Lego has released its first young disabled minifigure, and everyone wants to talk about it. I know what you're thinking. With all the millions of kinds of Legos out there, how could this possibly be a first?
Well, it's a qualified first. Lego previously received criticism for releasing an elderly minifig with a wheelchair into the Duplo line, which activists said merely reinforced stereotypes. The biggest difference is that regular Lego is aimed at much older kids than Duplo, and the new minifig in the wheelchair is clearly a cool dude wearing a beanie and a hoodie.
Wheels4Lego has been actively campaigning for this particular addition for a long while, and more recently the #ToyLikeMe campaign went after both Playmobil and Lego for failing to represent children with disabilities.

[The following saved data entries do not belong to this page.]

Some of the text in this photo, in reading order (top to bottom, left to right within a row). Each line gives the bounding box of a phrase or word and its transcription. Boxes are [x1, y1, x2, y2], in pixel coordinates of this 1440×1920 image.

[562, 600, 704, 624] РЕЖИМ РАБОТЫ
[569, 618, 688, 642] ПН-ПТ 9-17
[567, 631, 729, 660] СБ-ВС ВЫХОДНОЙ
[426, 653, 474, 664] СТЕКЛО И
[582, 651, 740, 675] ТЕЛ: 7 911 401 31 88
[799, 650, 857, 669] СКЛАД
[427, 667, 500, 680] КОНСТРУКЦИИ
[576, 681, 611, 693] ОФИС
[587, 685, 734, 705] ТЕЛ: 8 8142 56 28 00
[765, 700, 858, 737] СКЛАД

Of course, both campaigns are on trend with the demand for inclusivity in toys. And thanks to social media, activists are able to rally the sort of considerable pressure that makes toy companies like Mattel finally get around to releasing new body types for their girl Barbie.

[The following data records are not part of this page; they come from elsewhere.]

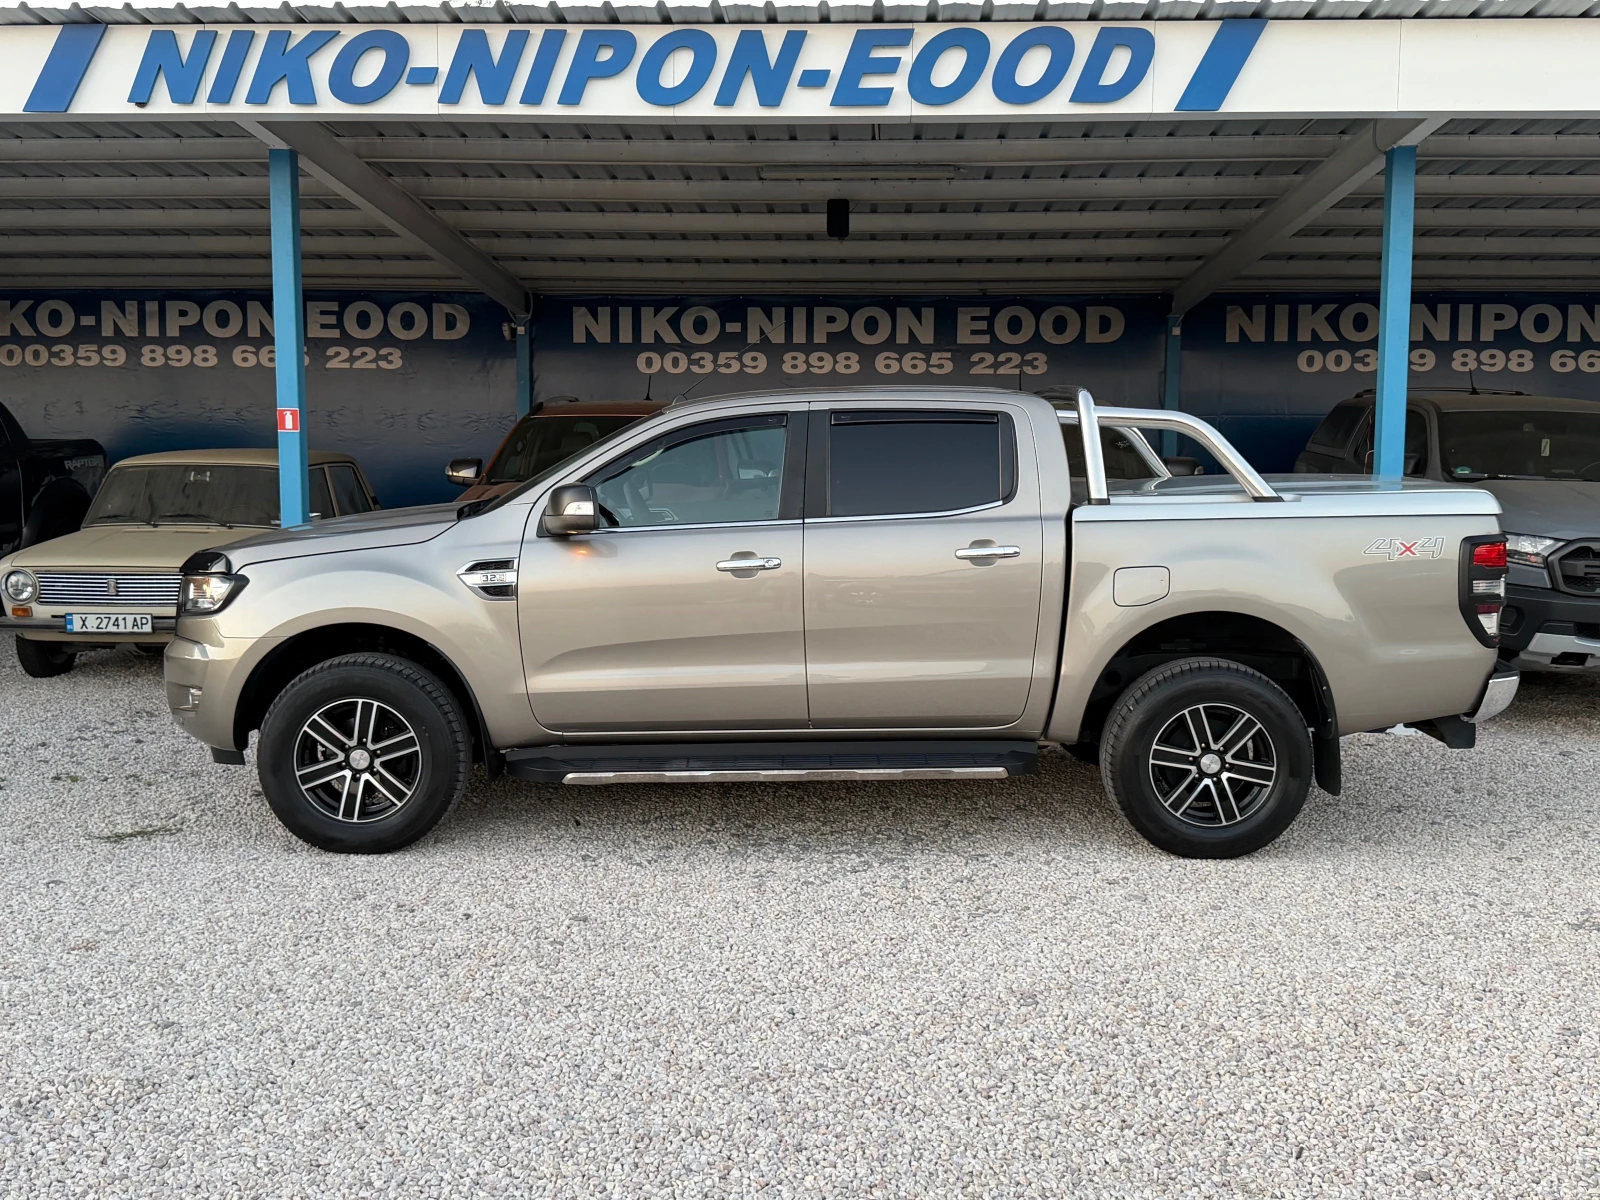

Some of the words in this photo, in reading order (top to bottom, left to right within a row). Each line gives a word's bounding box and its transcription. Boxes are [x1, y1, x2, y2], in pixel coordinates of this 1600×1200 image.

[127, 28, 1155, 107] NIKO-NIPON-EOOD
[306, 301, 471, 341] EOOD
[572, 305, 935, 345] NIKO-NIPON
[957, 305, 1126, 345] EOOD
[1225, 303, 1600, 343] NIKONIPON
[0, 344, 127, 367] 00359
[141, 344, 218, 368] 898
[232, 345, 310, 369] 66
[326, 346, 403, 370] 223
[636, 352, 768, 375] 00359
[781, 352, 861, 375] 898
[874, 352, 954, 375] 665
[969, 352, 1048, 375] 223
[1297, 349, 1436, 373] 0039
[1451, 349, 1534, 373] 898

The whole issue came as a bit of a shock to me, because you can get tons of Lego superhero figures, pretty much any kind you want. And there are disabled superheroes! But I looked it up. They do not have official Lego Professor X figs or Barbara Gordon/Oracle figs. They don't even have Stephen Hawking!
Like most things that aren't available through official Lego channels, you can buy fan-crafted mods, or outright forgeries, or—you know—build your own from bricks. But the official acknowledgement was what activists were seeking.
According to Rebecca Atkinson, co-founder of ToyLikeMe, "It's pretty momentous, even though it's just a little toy. It's about the message behind it, which is far, far bigger than a little one-inch-tall plastic guy."